The main goal of the AfCFTA, which was founded in 2018 but started operating the next year, is to increase trade inside the African continent.
Nigeria will start selling some of its goods to some of the nearby markets with which it has historically had shaky business relations. The West African nation has formally approved the export of items made there to Kenya, Rwanda, South Africa, and Cameroon. Under an effort from the African Continental Free Trade Area (AfCFTA), exports are expected to start by April.
According to a story published in the Nigerian publication The Punch, Nigeria would start exporting goods to a few African countries in April as part of the African Continental Free Trade Area’s Guided Trade Initiative. The National Center of the AfCFTA made the information public.

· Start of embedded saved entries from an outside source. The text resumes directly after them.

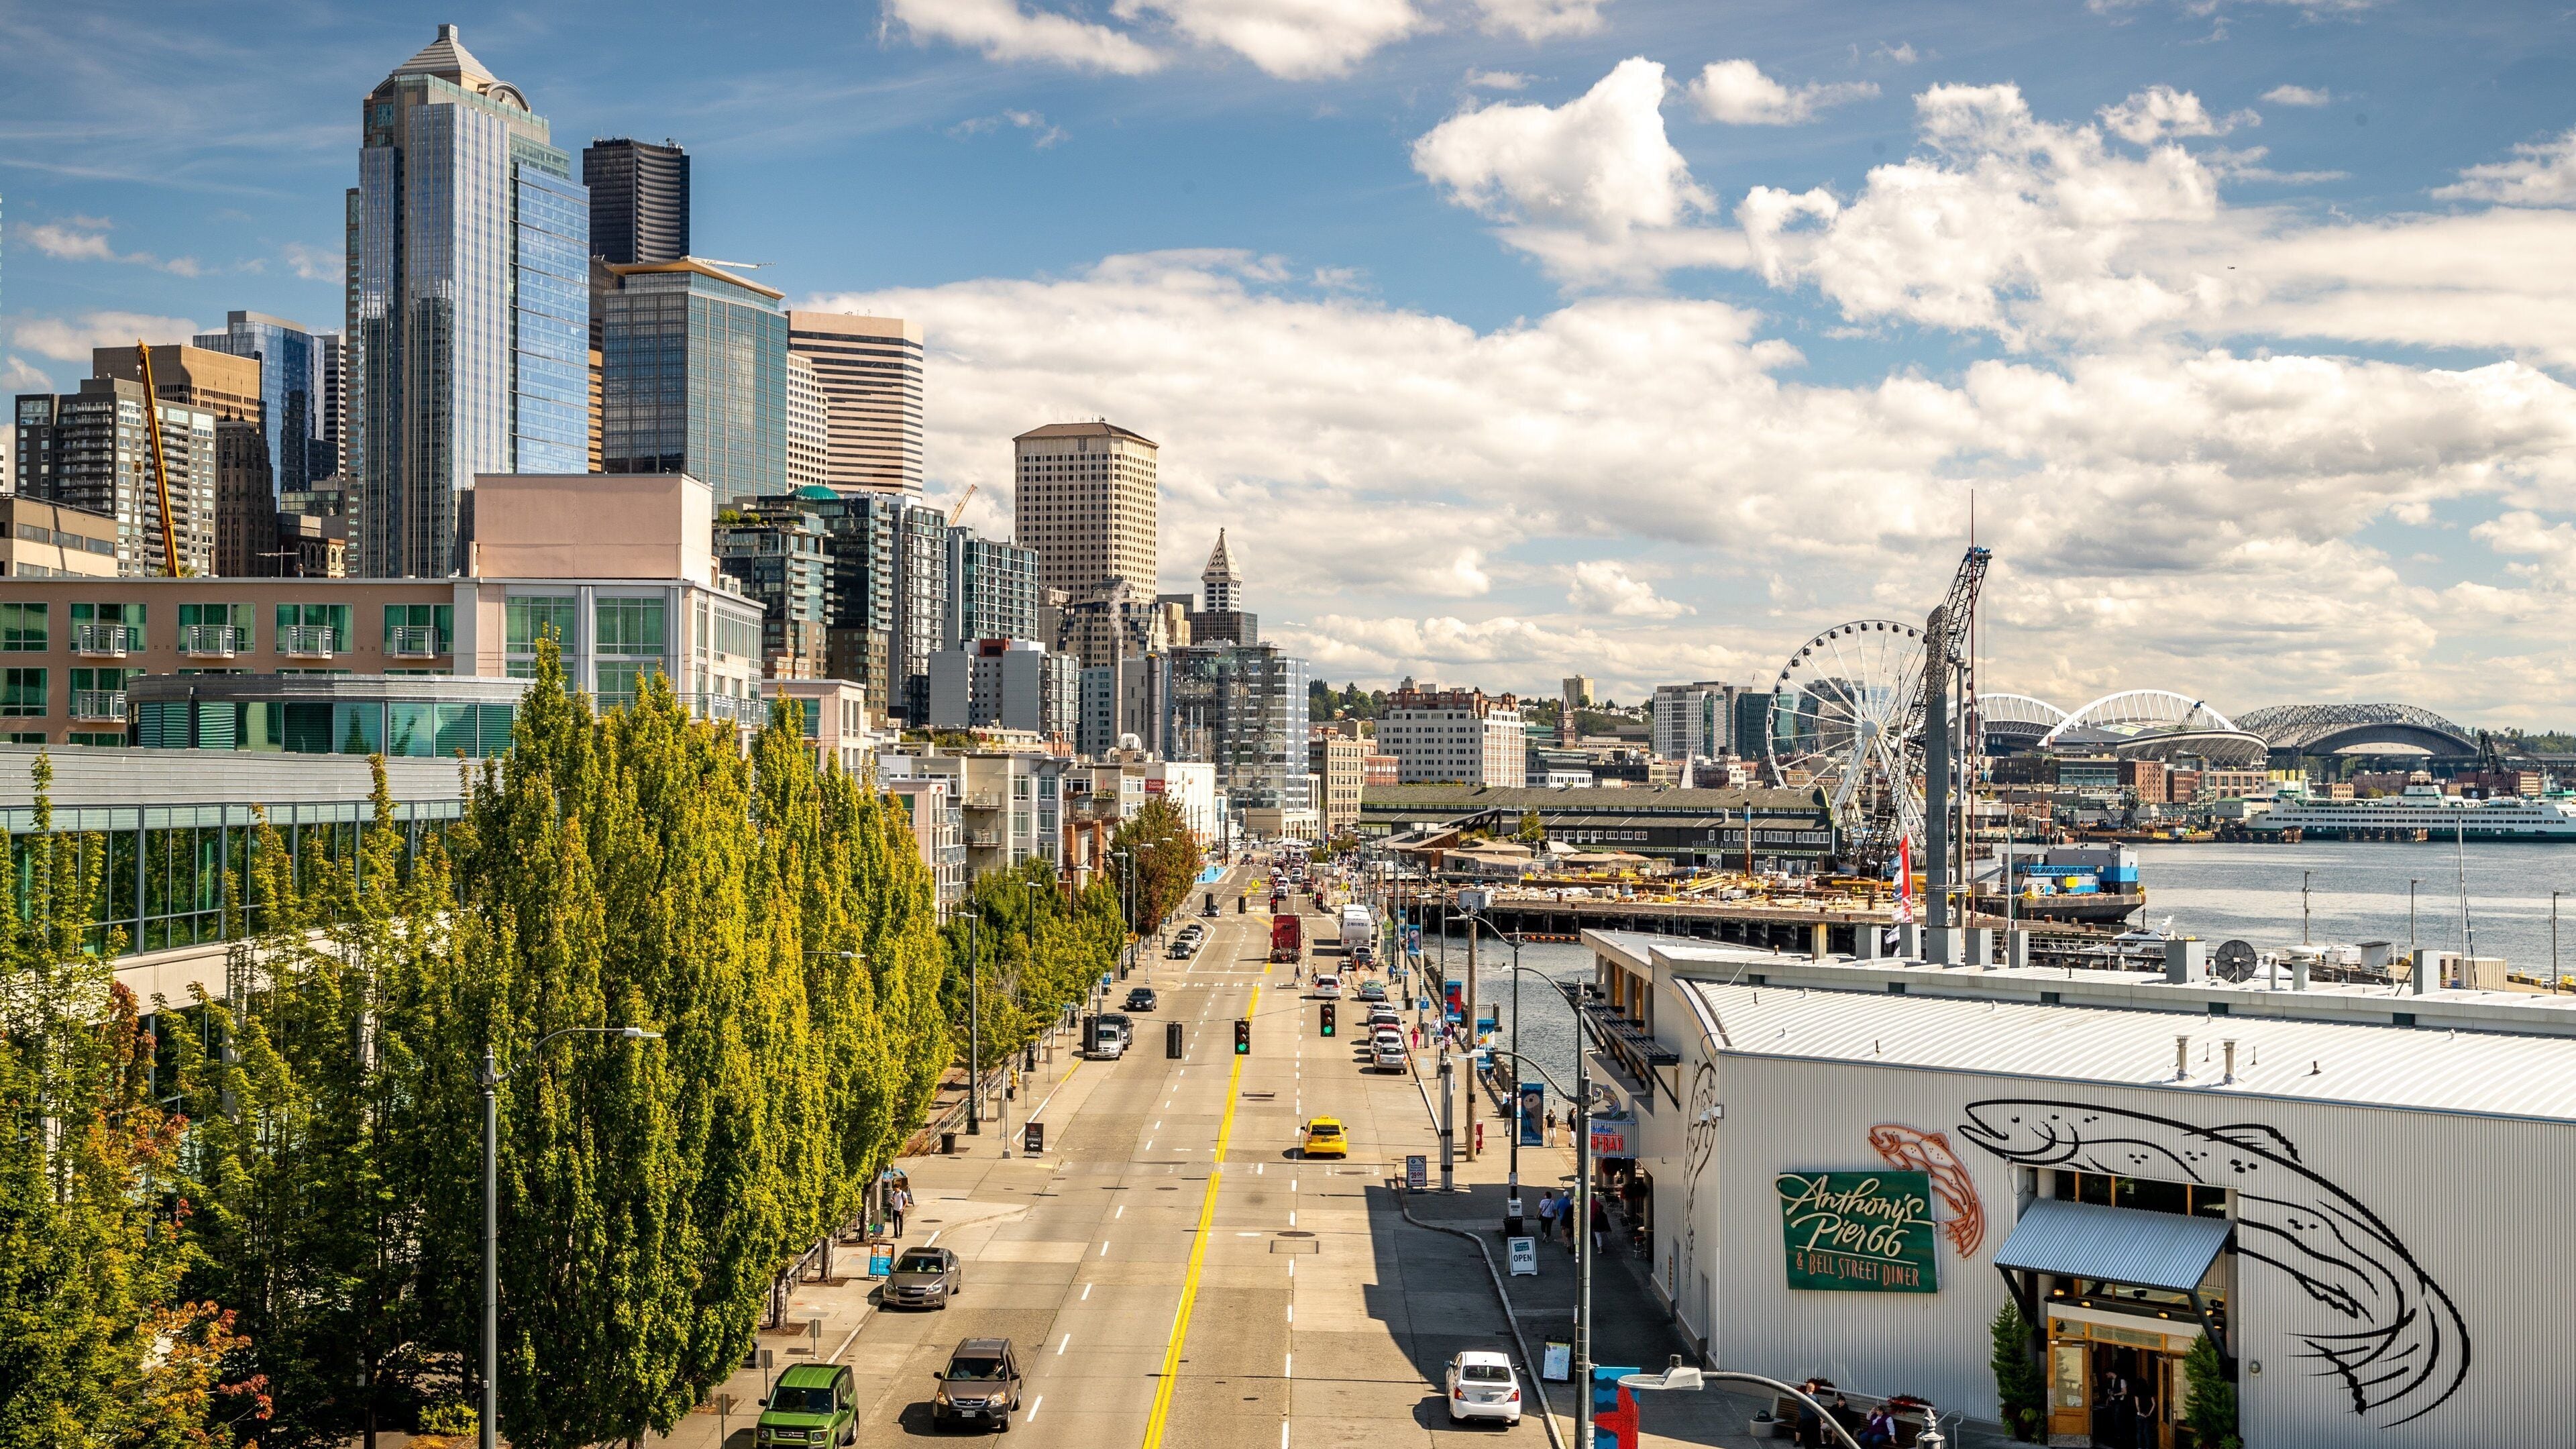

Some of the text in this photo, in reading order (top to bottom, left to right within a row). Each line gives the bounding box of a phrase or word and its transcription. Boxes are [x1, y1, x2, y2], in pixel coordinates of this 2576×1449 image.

[1720, 841, 1755, 849] AQUARIM
[1602, 1136, 1623, 1153] BAR
[1773, 1174, 1937, 1230] Anthony's
[1791, 1213, 1910, 1258] Pier 66
[1513, 1254, 1532, 1263] OPEN
[1796, 1252, 1919, 1287] & BELL STREET DINER

Prior to this endeavor, trade between these nations was active, but it was not formalized. The world’s largest free trade area in terms of participating countries is the African Continental Free Trade Area, which was established by 54 of the 55 member states of the African Union.
“We haven’t started trading in AfCFTA, we are duly going through the protocols. But recently the AfCFTA secretariat itself launched what they call the Guided Trade Initiative to get some countries to start trading outside their regional blocks,” the Executive Secretary, of the National Action Committee on AfCFTA, Olusegun Awolowo, stated.
During his speech on Thursday, outside the Abuja Stakeholders Workshop on the AfCFTA Digital Trade Protocol, he stated as much.
“We’ve signed onto it and I think that by the end of April, we are taking a few companies, big, medium, and small enterprises to actually launch trading in Africa. All we are doing now is that we are going through and signing all the protocols, as well as finding a way how to implement them. So we are now at the stage of implementation. Therefore, trading hasn’t really commenced under AfCFTA. It is not an overnight thing, you have to go through all the protocols, sign them, and agree,” he added.
“We are going to South Africa, Kenya, Cameroon and Rwanda. This is under the Guided Trade Initiative that was brought by AfCFTA, knowing that trade agreements take long.
In fact, this AfCFTA is the fastest one. How long did it take the World Trade Organisation to get on the ground? They are still signing protocols up till today. But this is the fastest one and to fast-track it, that is what the GTI is all about,” Awolowo said when asked to identify the countries that had already signed up for the GTI scheme and to whom Nigeria would legally begin exporting products.
“It is an initiative that enables countries to choose. Let’s take the companies and let them actually export from the various ports. Then we test the capacities of the ports, test the capacities of the shipments, and the capacities of cargoes. Then the private sector can fully buy into it. So that’s what is going to happen,” he added.